(Stored data entries)

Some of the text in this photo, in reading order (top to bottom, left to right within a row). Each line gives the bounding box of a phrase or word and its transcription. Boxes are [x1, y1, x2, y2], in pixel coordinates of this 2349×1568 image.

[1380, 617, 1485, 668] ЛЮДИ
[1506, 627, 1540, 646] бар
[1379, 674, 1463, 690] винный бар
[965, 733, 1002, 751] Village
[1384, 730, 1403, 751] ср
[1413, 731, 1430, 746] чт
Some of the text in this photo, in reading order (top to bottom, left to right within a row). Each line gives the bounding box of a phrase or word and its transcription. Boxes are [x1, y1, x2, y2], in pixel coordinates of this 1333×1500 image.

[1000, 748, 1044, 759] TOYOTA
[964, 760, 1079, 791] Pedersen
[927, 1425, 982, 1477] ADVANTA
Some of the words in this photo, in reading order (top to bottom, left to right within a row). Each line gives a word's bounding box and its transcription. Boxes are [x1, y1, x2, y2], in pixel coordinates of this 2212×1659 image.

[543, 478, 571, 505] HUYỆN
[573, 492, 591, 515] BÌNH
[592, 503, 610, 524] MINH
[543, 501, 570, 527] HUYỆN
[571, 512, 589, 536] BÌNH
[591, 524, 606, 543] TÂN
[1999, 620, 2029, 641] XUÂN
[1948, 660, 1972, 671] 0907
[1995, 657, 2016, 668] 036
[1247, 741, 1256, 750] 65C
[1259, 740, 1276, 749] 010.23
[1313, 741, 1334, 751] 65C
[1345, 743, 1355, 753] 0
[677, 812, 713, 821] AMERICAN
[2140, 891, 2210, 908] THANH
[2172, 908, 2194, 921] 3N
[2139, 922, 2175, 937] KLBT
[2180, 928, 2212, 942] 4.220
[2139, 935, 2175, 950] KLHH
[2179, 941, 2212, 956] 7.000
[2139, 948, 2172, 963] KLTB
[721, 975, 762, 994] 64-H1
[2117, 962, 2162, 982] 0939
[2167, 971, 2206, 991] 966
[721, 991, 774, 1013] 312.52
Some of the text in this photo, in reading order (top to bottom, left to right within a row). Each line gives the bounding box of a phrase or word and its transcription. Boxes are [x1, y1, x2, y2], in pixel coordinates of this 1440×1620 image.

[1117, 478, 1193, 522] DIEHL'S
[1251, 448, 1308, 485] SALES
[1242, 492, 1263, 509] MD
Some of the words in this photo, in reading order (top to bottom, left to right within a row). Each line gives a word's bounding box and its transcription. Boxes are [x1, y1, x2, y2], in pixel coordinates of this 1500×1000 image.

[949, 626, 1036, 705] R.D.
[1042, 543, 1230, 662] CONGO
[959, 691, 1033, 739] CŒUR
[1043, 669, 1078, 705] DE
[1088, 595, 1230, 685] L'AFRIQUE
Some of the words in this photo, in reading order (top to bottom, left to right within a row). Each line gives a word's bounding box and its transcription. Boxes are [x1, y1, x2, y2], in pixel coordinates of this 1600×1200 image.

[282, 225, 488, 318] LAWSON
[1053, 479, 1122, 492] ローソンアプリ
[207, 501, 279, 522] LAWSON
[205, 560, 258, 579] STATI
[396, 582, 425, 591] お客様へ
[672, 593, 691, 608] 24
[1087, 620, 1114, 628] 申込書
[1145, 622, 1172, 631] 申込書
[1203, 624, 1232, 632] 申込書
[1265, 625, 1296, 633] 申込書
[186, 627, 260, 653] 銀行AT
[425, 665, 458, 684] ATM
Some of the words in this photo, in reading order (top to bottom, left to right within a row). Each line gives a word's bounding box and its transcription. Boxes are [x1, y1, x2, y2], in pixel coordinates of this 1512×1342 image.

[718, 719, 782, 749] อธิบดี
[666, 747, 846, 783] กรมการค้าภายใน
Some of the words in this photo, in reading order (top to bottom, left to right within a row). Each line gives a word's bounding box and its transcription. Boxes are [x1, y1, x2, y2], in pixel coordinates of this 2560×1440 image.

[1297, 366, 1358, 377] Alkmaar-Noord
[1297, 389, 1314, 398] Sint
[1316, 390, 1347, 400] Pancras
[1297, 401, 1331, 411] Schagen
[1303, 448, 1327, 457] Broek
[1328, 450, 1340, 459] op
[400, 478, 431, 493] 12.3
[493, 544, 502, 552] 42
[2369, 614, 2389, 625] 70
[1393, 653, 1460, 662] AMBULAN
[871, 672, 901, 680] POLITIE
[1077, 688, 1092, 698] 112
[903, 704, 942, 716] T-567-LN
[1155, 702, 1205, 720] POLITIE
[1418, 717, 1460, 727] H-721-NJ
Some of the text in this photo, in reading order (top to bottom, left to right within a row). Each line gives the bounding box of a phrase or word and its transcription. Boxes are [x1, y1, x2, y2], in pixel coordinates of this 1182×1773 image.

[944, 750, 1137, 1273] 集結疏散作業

### What to produce:
Retype each entry without altering a single word.

### Written response:
Some of the text in this photo, in reading order (top to bottom, left to right within a row). Each line gives the bounding box of a phrase or word and its transcription. Boxes are [x1, y1, x2, y2], in pixel coordinates of this 2349×1568 image.

[1380, 617, 1485, 668] ЛЮДИ
[1506, 627, 1540, 646] бар
[1379, 674, 1463, 690] винный бар
[965, 733, 1002, 751] Village
[1384, 730, 1403, 751] ср
[1413, 731, 1430, 746] чт
Some of the text in this photo, in reading order (top to bottom, left to right within a row). Each line gives the bounding box of a phrase or word and its transcription. Boxes are [x1, y1, x2, y2], in pixel coordinates of this 1333×1500 image.

[1000, 748, 1044, 759] TOYOTA
[964, 760, 1079, 791] Pedersen
[927, 1425, 982, 1477] ADVANTA
Some of the words in this photo, in reading order (top to bottom, left to right within a row). Each line gives a word's bounding box and its transcription. Boxes are [x1, y1, x2, y2], in pixel coordinates of this 2212×1659 image.

[543, 478, 571, 505] HUYỆN
[573, 492, 591, 515] BÌNH
[592, 503, 610, 524] MINH
[543, 501, 570, 527] HUYỆN
[571, 512, 589, 536] BÌNH
[591, 524, 606, 543] TÂN
[1999, 620, 2029, 641] XUÂN
[1948, 660, 1972, 671] 0907
[1995, 657, 2016, 668] 036
[1247, 741, 1256, 750] 65C
[1259, 740, 1276, 749] 010.23
[1313, 741, 1334, 751] 65C
[1345, 743, 1355, 753] 0
[677, 812, 713, 821] AMERICAN
[2140, 891, 2210, 908] THANH
[2172, 908, 2194, 921] 3N
[2139, 922, 2175, 937] KLBT
[2180, 928, 2212, 942] 4.220
[2139, 935, 2175, 950] KLHH
[2179, 941, 2212, 956] 7.000
[2139, 948, 2172, 963] KLTB
[721, 975, 762, 994] 64-H1
[2117, 962, 2162, 982] 0939
[2167, 971, 2206, 991] 966
[721, 991, 774, 1013] 312.52
Some of the text in this photo, in reading order (top to bottom, left to right within a row). Each line gives the bounding box of a phrase or word and its transcription. Boxes are [x1, y1, x2, y2], in pixel coordinates of this 1440×1620 image.

[1117, 478, 1193, 522] DIEHL'S
[1251, 448, 1308, 485] SALES
[1242, 492, 1263, 509] MD
Some of the words in this photo, in reading order (top to bottom, left to right within a row). Each line gives a word's bounding box and its transcription. Boxes are [x1, y1, x2, y2], in pixel coordinates of this 1500×1000 image.

[949, 626, 1036, 705] R.D.
[1042, 543, 1230, 662] CONGO
[959, 691, 1033, 739] CŒUR
[1043, 669, 1078, 705] DE
[1088, 595, 1230, 685] L'AFRIQUE
Some of the words in this photo, in reading order (top to bottom, left to right within a row). Each line gives a word's bounding box and its transcription. Boxes are [x1, y1, x2, y2], in pixel coordinates of this 1600×1200 image.

[282, 225, 488, 318] LAWSON
[1053, 479, 1122, 492] ローソンアプリ
[207, 501, 279, 522] LAWSON
[205, 560, 258, 579] STATI
[396, 582, 425, 591] お客様へ
[672, 593, 691, 608] 24
[1087, 620, 1114, 628] 申込書
[1145, 622, 1172, 631] 申込書
[1203, 624, 1232, 632] 申込書
[1265, 625, 1296, 633] 申込書
[186, 627, 260, 653] 銀行AT
[425, 665, 458, 684] ATM
Some of the words in this photo, in reading order (top to bottom, left to right within a row). Each line gives a word's bounding box and its transcription. Boxes are [x1, y1, x2, y2], in pixel coordinates of this 1512×1342 image.

[718, 719, 782, 749] อธิบดี
[666, 747, 846, 783] กรมการค้าภายใน
Some of the words in this photo, in reading order (top to bottom, left to right within a row). Each line gives a word's bounding box and its transcription. Boxes are [x1, y1, x2, y2], in pixel coordinates of this 2560×1440 image.

[1297, 366, 1358, 377] Alkmaar-Noord
[1297, 389, 1314, 398] Sint
[1316, 390, 1347, 400] Pancras
[1297, 401, 1331, 411] Schagen
[1303, 448, 1327, 457] Broek
[1328, 450, 1340, 459] op
[400, 478, 431, 493] 12.3
[493, 544, 502, 552] 42
[2369, 614, 2389, 625] 70
[1393, 653, 1460, 662] AMBULAN
[871, 672, 901, 680] POLITIE
[1077, 688, 1092, 698] 112
[903, 704, 942, 716] T-567-LN
[1155, 702, 1205, 720] POLITIE
[1418, 717, 1460, 727] H-721-NJ
Some of the text in this photo, in reading order (top to bottom, left to right within a row). Each line gives the bounding box of a phrase or word and its transcription. Boxes are [x1, y1, x2, y2], in pixel coordinates of this 1182×1773 image.

[944, 750, 1137, 1273] 集結疏散作業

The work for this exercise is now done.